Publisher's Weekly Review
This rich, thoroughly satisfying historical tale from Penney (The Invisible Ones) binds together adventure, passion, and love. The story opens with a frame sequence in 1948, as the elderly Flora Cochrane and young Randall Crane are set to fly to the North Pole as part of an American expedition. Randall is fascinated by Flora, so she recounts for him the Arctic explorations that she led a half-century before, a tale that makes up the bulk of the novel. It is on that earlier expedition that she met American geologist Jakob De Beyn, and a spark was struck between them. Though the two parted ways after the expedition, they carried a flame for each other despite living on opposite sides of the Atlantic and Flora's marriage to another man.

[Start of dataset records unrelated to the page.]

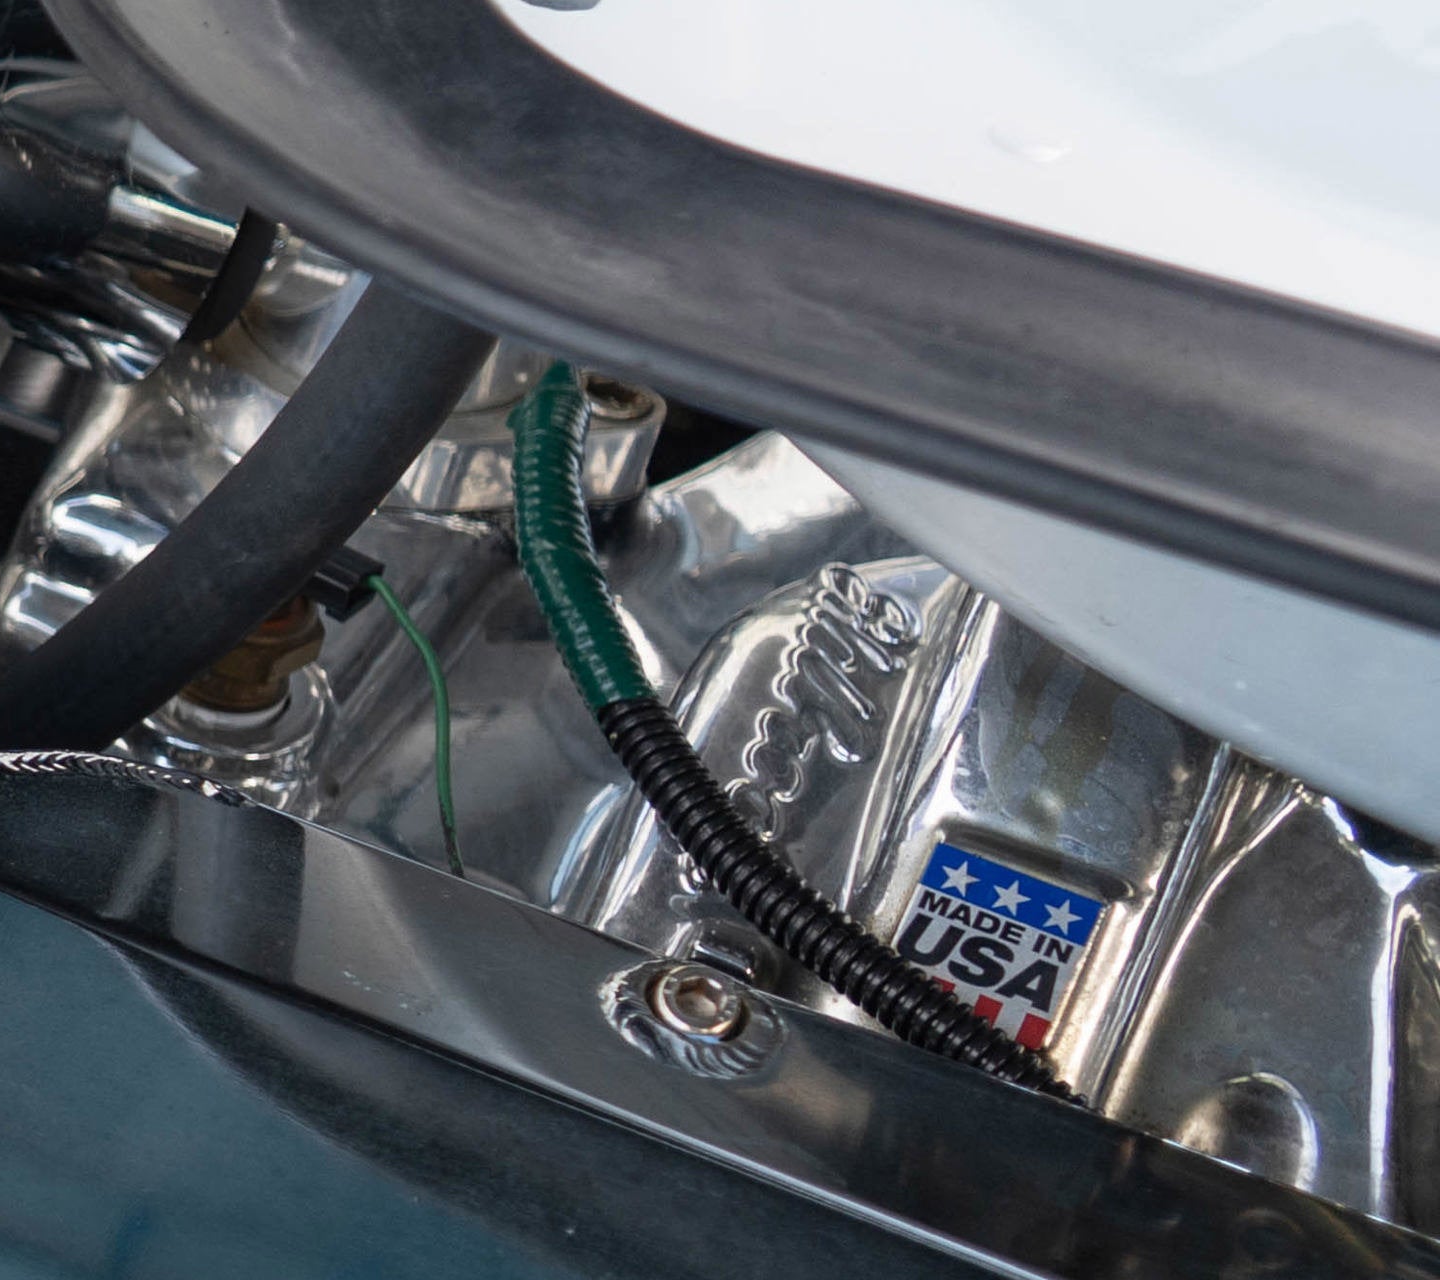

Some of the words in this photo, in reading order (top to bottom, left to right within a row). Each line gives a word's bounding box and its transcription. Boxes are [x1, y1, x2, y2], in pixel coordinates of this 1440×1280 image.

[894, 916, 1061, 1013] USA
[916, 890, 1025, 948] MADE
[1031, 924, 1074, 966] IN
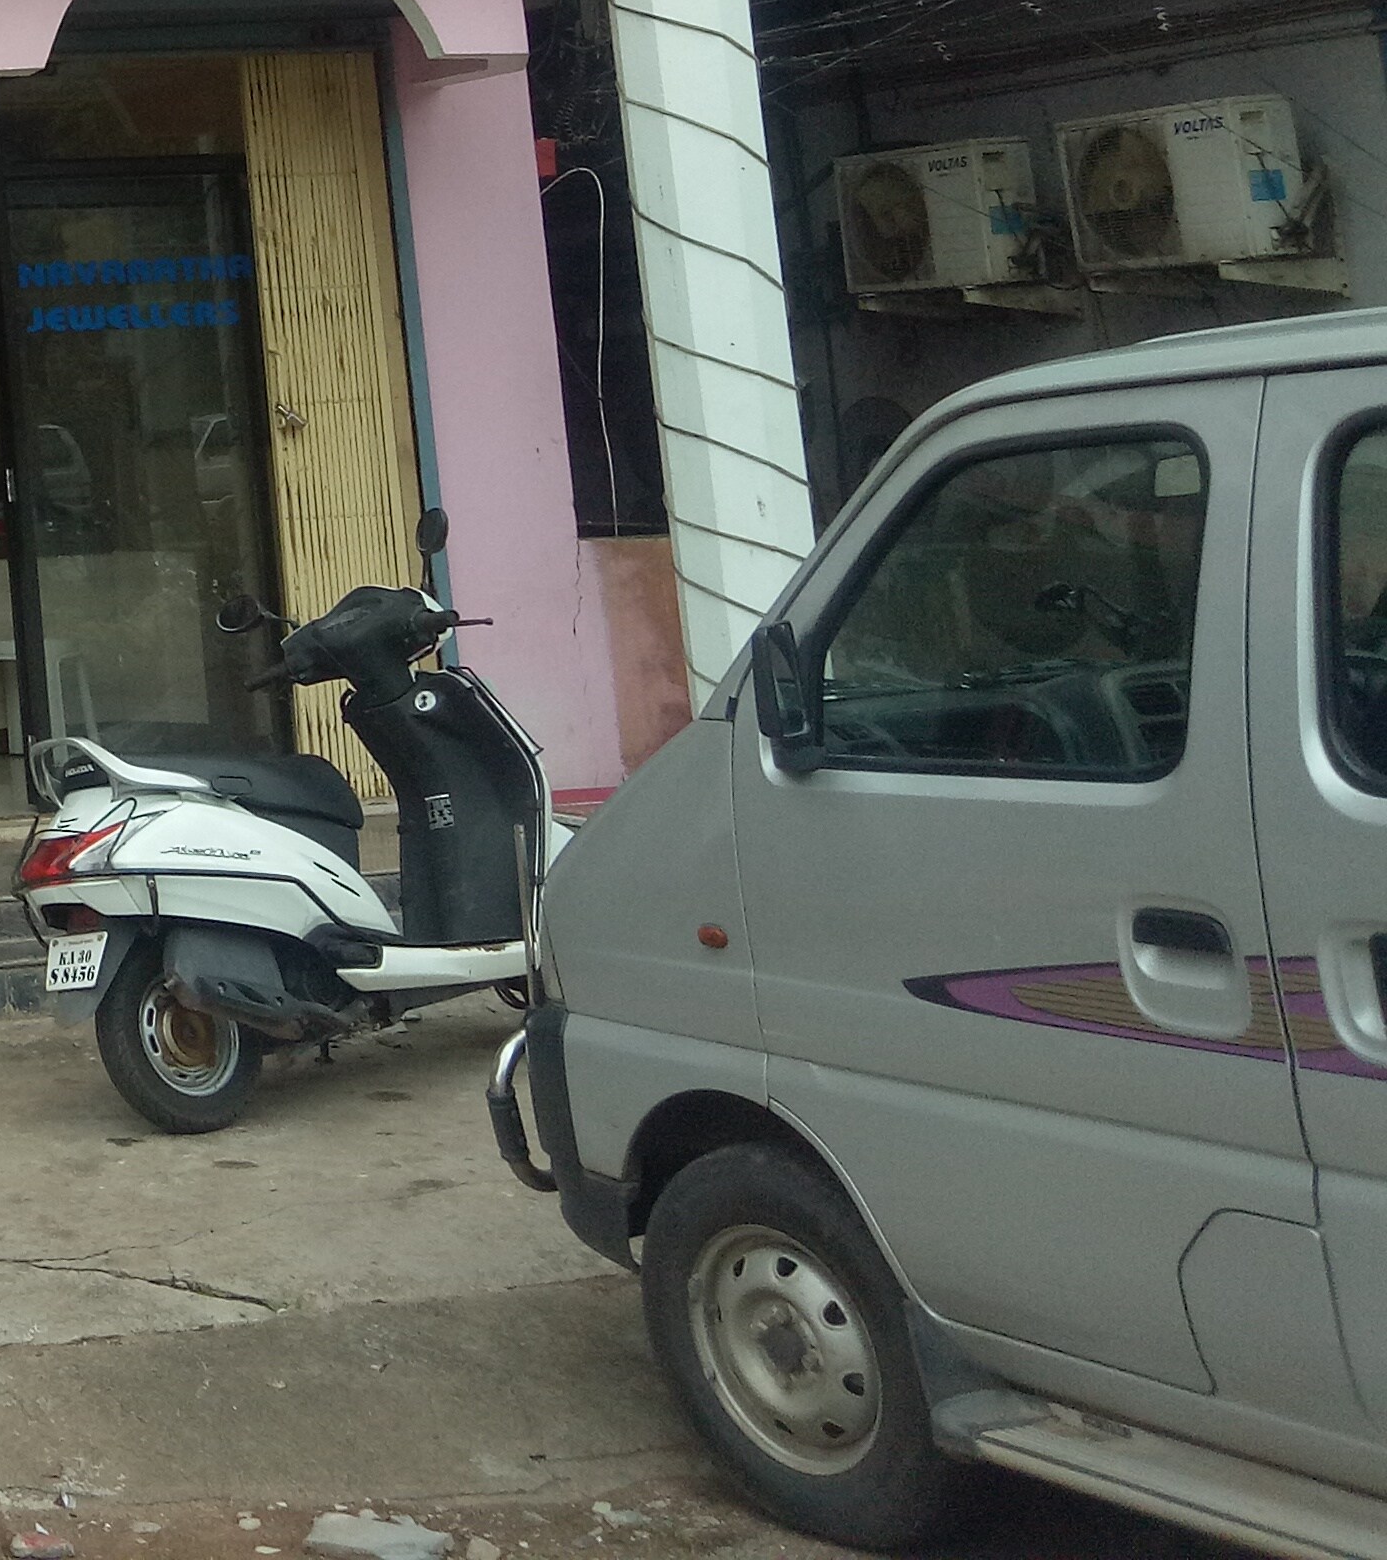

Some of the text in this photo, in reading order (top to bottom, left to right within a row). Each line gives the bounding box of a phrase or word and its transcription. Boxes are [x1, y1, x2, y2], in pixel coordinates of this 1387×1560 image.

[1173, 115, 1224, 135] VOLTAS
[928, 155, 968, 172] VOLTAS
[27, 298, 240, 333] JEWELLERS
[58, 949, 92, 966] KA 30
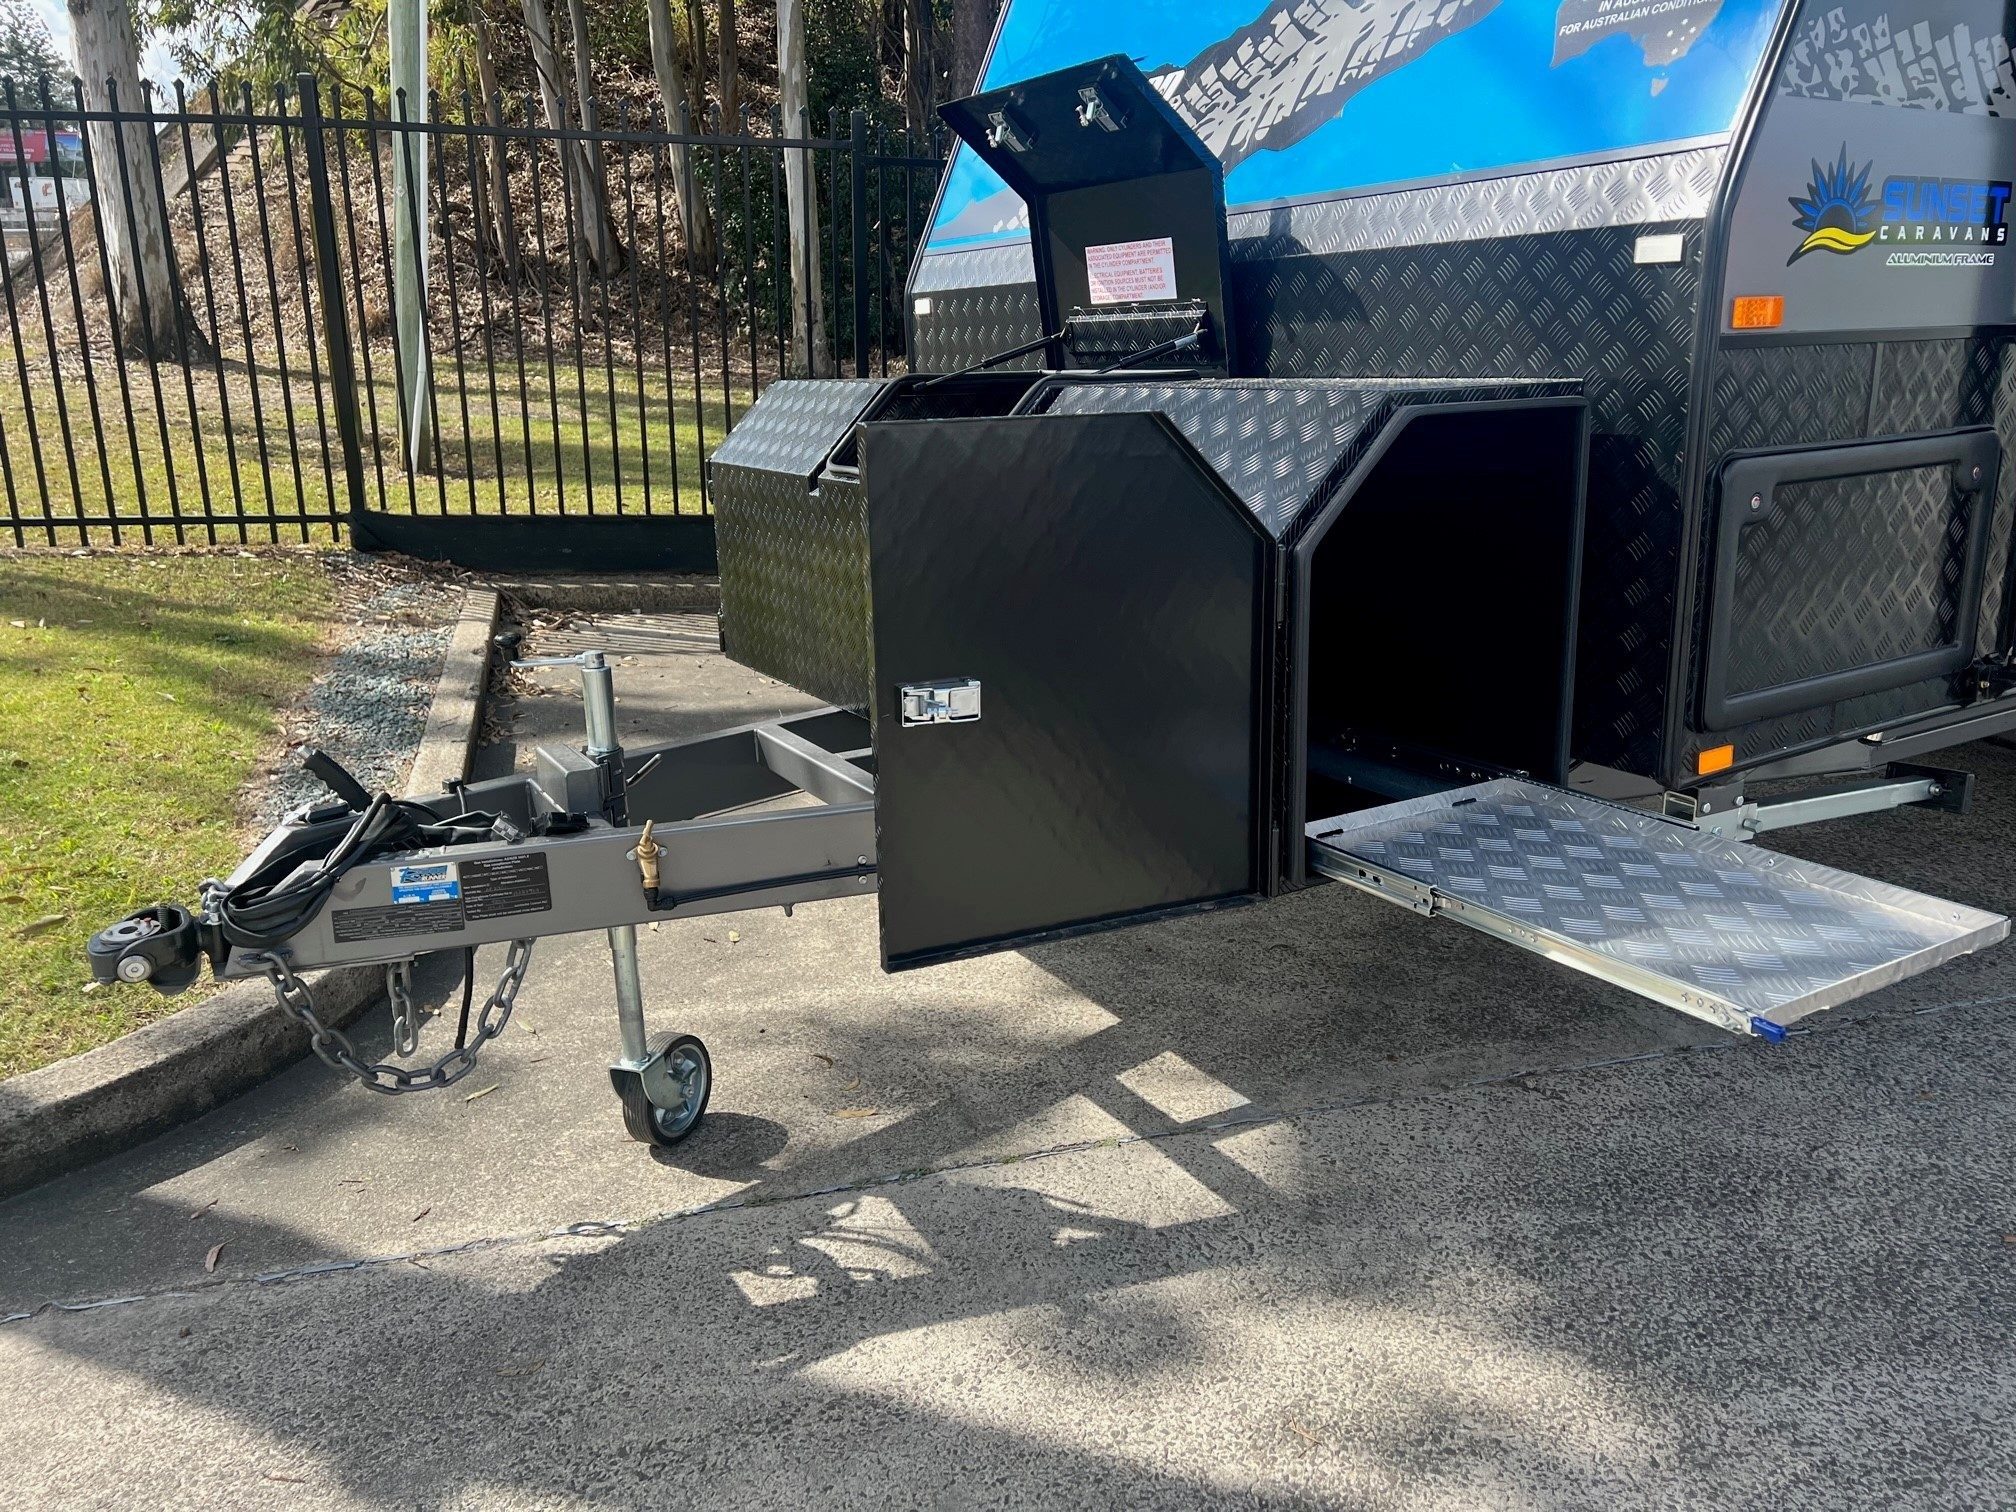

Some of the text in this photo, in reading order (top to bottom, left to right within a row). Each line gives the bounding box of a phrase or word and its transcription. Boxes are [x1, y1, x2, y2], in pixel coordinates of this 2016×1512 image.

[1598, 0, 1612, 13] IN
[1559, 22, 1581, 36] FOR
[1581, 6, 1650, 31] AUSTRALIAN
[1881, 180, 2011, 224] SUNSET
[1880, 225, 2006, 241] CARAVANS
[1113, 250, 1137, 259] EQUIPMENT
[1147, 247, 1172, 256] PERMITTED
[1118, 243, 1142, 251] CYLINDERS
[1886, 253, 1995, 265] ALUMINIUM FRAME
[1114, 276, 1134, 284] SOURCES

Penney's prose is rapturous, whether she is describing the "overwhelmingly rich-glorious and unnecessary" landscape, or in her detailed and richly imagined passages on the attraction and intimacy between Flora and Jakob. By telling their story through recollection and the letters that they send, Penney imparts an additional layer of suspense, with neither the reader nor the characters knowing what may come, resulting in an exciting and transportive novel. (Sept.) © Copyright PWxyz, LLC. All rights reserved.
Booklist Review
*Starred Review* Exhilarating in its scope and imagery, Penney's third novel, after The Invisible Ones (2012), conjures the adventurous spirit of the late nineteenth century, when the remote frozen North compelled the daring and ambitious. Flora Mackie, a Dundee whaling-captain's daughter, spends much of her adolescence above the Arctic Circle, via her father's ship, and feels most comfortable there. Her tale unfolds alongside that of Jakob de Beyn, who comes of age in fin de siècle New York. When they first meet, in northwestern Greenland in 1892, she's a serious-minded meteorologist leading a British expedition, while he has joined a rival American party as a geologist. Their unspoken attraction later blooms into a complicated love affair, relayed with candid intimacy. Competition for new discoveries leads to heightened tensions, and a mystery emerges after a tragedy occurs and suspicions of deceit arise. Serious issues like gender bias and exploitation are adeptly handled, and the icy Arctic setting comes alive in passages of shimmering beauty. Penney conveys both the elation and fear evoked when crossing into unfamiliar territory, be it geographical or emotional. She also delves into the customs and beliefs of the Inuit, whose generous hospitality to the Westerners is indispensable. An exceptional epic about an unconventional woman's life and loves.--Johnson, Sarah Copyright 2017 Booklist
Library Journal Review
It's 1948, and for the first time, explorers will stand on the North Pole. Among those on the flight is an elderly British woman once called the Snow Queen. Flora first crossed the Arctic Circle at age 12, when her newly widowed father took her with him on his annual whaling voyage. The rough conditions and the freezing cold might have deterred a weaker woman, but Flora was enthralled; growing up, she heads to university, determined to return to northern Greenland as an explorer. When her first romance fails and her lover, American geologist Jakob de Beyn, leaves the Arctic for a more conventional life, Flora marries a fellow explorer who is crippled in a terrible accident. Unwilling to stay at home and be his nursemaid, the unconventional Flora becomes one of the first truly modern women, leading her own team north, writing about her discoveries, and not marrying. Penney does a masterly job of melding Flora's story with the more factual accounts of polar expeditions, and many of her characters are taken from the pages of history. VERDICT Penney's third novel (after The Tenderness of Wolves; The Invisible Ones) is a gripping tale about the men and women who were driven to conquer the Arctic. Bound to appeal to admirers of Eowyn Ivey's To the Bright Edge of the World.-Jane Henriksen Baird, Anchorage P.L., AK © Copyright 2017. Library Journals LLC, a wholly owned subsidiary of Media Source, Inc. No redistribution permitted.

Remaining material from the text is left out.